Brian J. O’Roak’s team at Oregon Health and Science University in Portland has been exploring genetic mutations that are difficult to identify using conventional means, and what role these mutations might play in neurodevelopmental disorders. In a previous study, O’Roak and his colleagues sequenced the protein-coding regions of the genome, or ‘exomes,’ in more than 200 families that have a single child affected with autism1.
In doing so, the researchers unexpectedly identified several genetic mutations that appeared to be present in only a fraction of the child’s DNA, meaning the child’s cells are a mixture of non-mutated and mutated cells. These somatic mosaic mutations have been studied extensively in cancer, in which they play a significant role. However, for technical reasons, this class of mutations has been largely unstudied in other disorders, including autism.
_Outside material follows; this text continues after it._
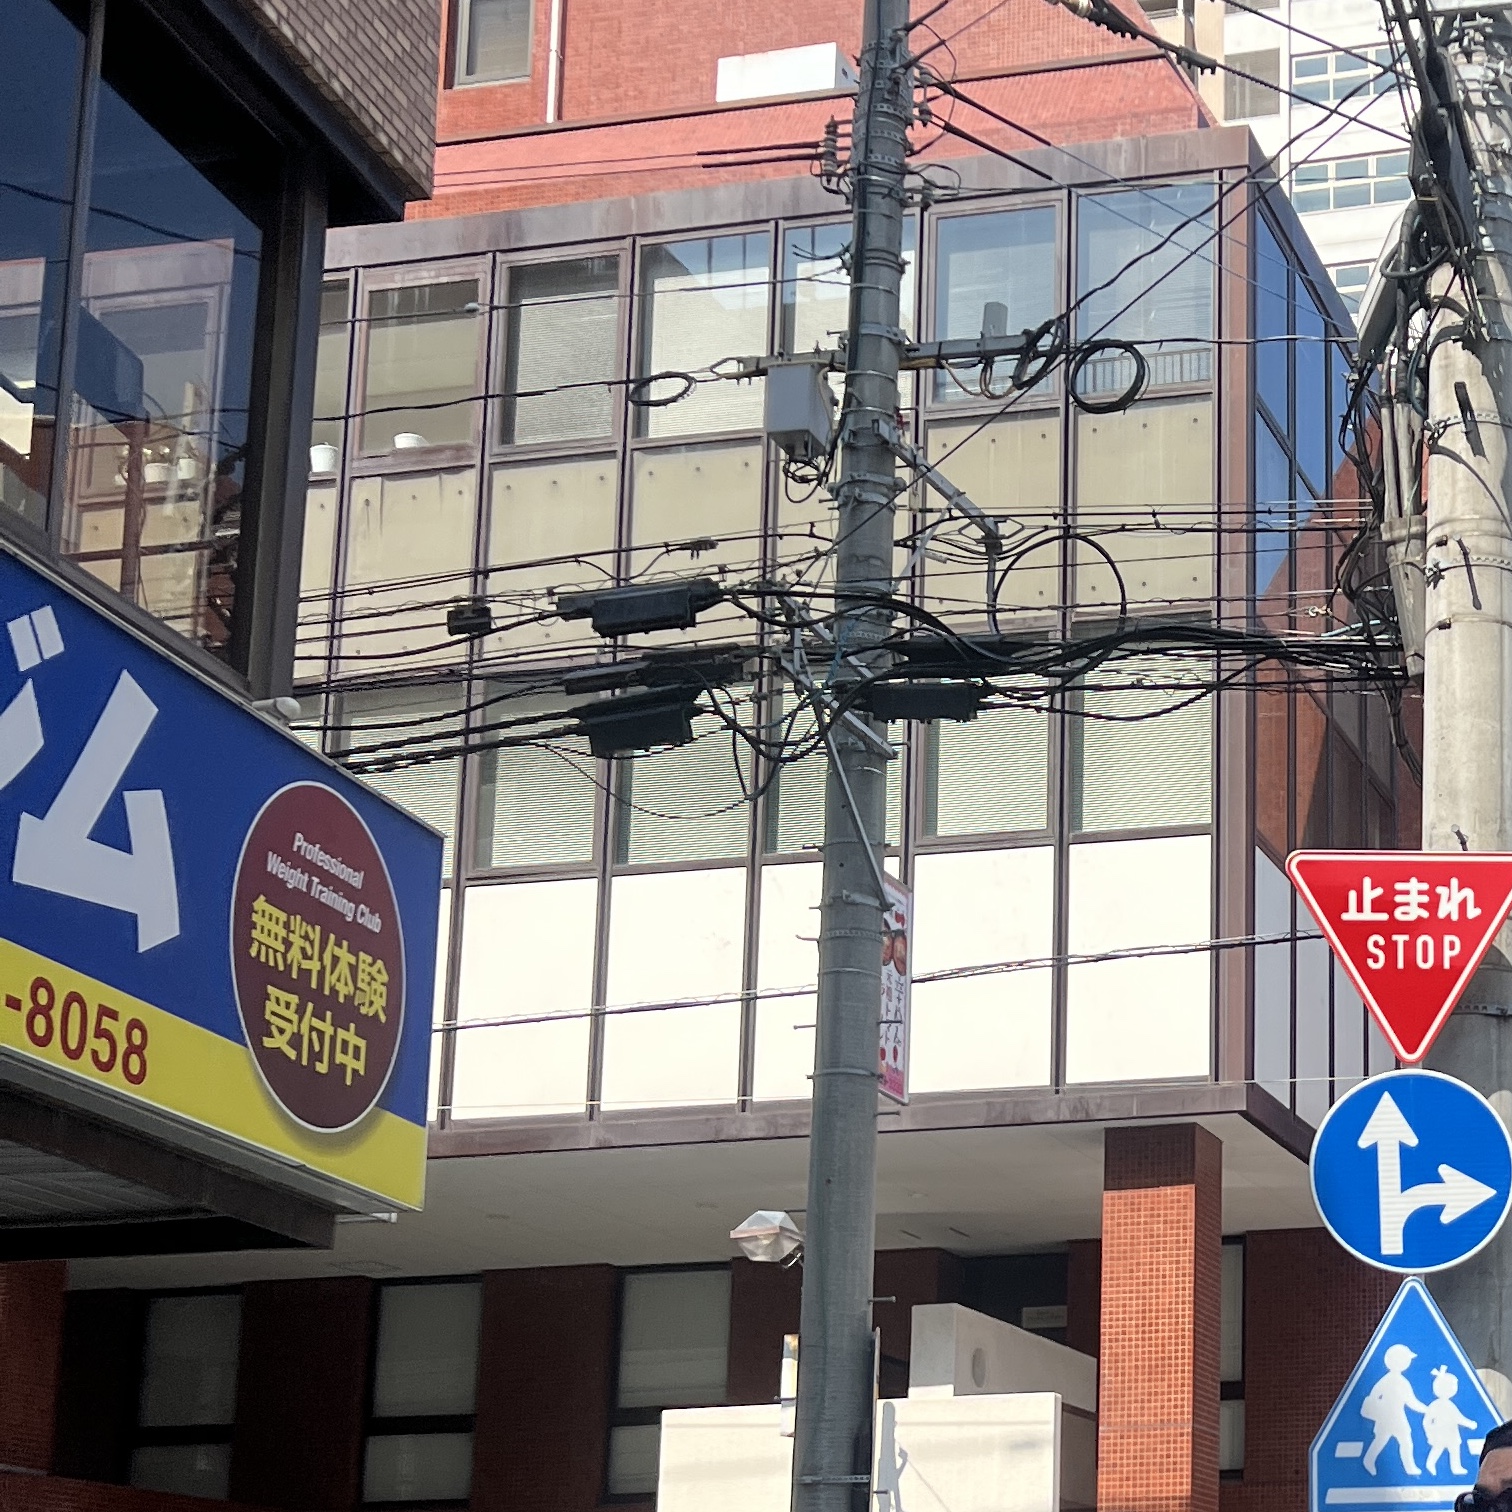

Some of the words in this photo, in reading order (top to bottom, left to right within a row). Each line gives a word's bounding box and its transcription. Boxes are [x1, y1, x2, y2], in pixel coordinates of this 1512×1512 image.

New evidence suggests that these mutations may explain a significant fraction of unsolved genetic risk but it is unknown how frequently they might occur in early development.
O’Roak and his team devised a computational and experimental framework for detecting low-level mosaicism and applied these techniques in other disorders2. Using these methods, they are performing a systematic evaluation of the role of somatic mosaic mutations in human development and autism risk.
They plan to first examine the rates of somatic mosaic mutations in affected and unaffected children and their parents in exome data from a large family-based sample, the Simons Simplex Collection. They will then evaluate a cohort that is potentially enriched for these types of mutations: identical-twin pairs. Approximately half of these twin pairs share an autism diagnosis, and in the other half, only one twin has autism. The researchers plan to look in depth for mutations that have occurred before and after identical twins separate into two developing embryos and the role they might play in autism risk.